Endothelium-derived hyperpolarizing factor(s) and the potentiation of kinins by converting enzyme inhibitors

Abstract

Inhibitors of angiotensin converting-enzyme (ACE) enhance the endothelium-dependent relaxation to bradykinin and cause the accumulation of kinins in the vascular wall. Bradykinin elicits the production of vasodilator prostanoids and nitric oxide by endothelial cells. However, there is an additional component to the dilator actions of bradykinin, which is mediated by a diffusible endothelium-derived hyperpolarizing factor (EDHF). The knowledge gathered on the nature of EDHF and its mechanism of action are reviewed briefly.

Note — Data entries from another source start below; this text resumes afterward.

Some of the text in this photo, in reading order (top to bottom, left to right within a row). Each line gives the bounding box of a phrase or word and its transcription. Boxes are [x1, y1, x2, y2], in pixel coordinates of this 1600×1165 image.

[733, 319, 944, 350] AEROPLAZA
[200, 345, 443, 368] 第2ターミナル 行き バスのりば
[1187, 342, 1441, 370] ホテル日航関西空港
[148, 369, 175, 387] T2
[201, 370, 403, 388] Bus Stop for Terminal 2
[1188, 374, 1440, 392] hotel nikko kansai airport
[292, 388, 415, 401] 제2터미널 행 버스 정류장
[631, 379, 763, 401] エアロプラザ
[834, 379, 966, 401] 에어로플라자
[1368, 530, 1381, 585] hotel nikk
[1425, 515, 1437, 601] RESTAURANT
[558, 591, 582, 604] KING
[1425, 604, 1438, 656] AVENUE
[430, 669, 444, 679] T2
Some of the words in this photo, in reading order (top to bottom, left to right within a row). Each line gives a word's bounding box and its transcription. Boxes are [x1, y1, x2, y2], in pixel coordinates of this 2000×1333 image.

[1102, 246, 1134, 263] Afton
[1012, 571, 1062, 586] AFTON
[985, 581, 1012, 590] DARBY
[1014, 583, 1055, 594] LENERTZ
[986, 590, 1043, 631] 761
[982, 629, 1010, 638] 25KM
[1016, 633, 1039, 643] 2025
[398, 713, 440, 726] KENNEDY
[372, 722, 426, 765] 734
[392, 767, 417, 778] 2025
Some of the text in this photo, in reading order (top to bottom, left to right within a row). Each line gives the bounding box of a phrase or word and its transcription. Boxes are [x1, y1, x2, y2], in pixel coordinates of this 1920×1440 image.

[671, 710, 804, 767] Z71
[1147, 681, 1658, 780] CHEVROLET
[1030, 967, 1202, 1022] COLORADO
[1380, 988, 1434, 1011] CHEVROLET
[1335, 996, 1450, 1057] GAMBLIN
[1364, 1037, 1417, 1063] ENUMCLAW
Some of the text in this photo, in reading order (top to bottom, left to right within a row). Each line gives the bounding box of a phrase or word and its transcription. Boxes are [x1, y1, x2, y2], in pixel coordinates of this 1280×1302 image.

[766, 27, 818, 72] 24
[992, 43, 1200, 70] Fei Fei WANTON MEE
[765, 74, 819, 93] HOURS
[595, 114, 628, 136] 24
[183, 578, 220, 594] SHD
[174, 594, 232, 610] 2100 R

EDHF causes hyperpolarization and relaxation of arterial smooth muscle by activating K+-channel, the nature of which varies between species. During the inhibition of both cyclooxygenase and nitric oxide synthase, concentration-response relationships of the hyperpolarization and relaxation elicited by bradykinin overlap in canine coronary arteries. Both effects are enhanced equally by the ACE inhibitor perindoprilat. They are inhibited by membrane depolarization that is obtained by raising the extracellular concentrations of potassium ions. Likewise, in the human coronary artery, the hyperpolarization elicited by bradykinin, which is also mediated by EDHF, is augmented in the presence of perindoprilat and prevented by potassium-induced depolarization. In this blood vessel, contrary to the canine coronary artery, the EDHF-mediated responses occur at concentrations comparable to those initiating the nitric oxide-dependent component. Therefore, the increased production of EDHF, which is induced by kinins, may contribute to the cardiovascular effects of perindoprilat, together with an enhanced production of nitric oxide and vasodilator prostanoids.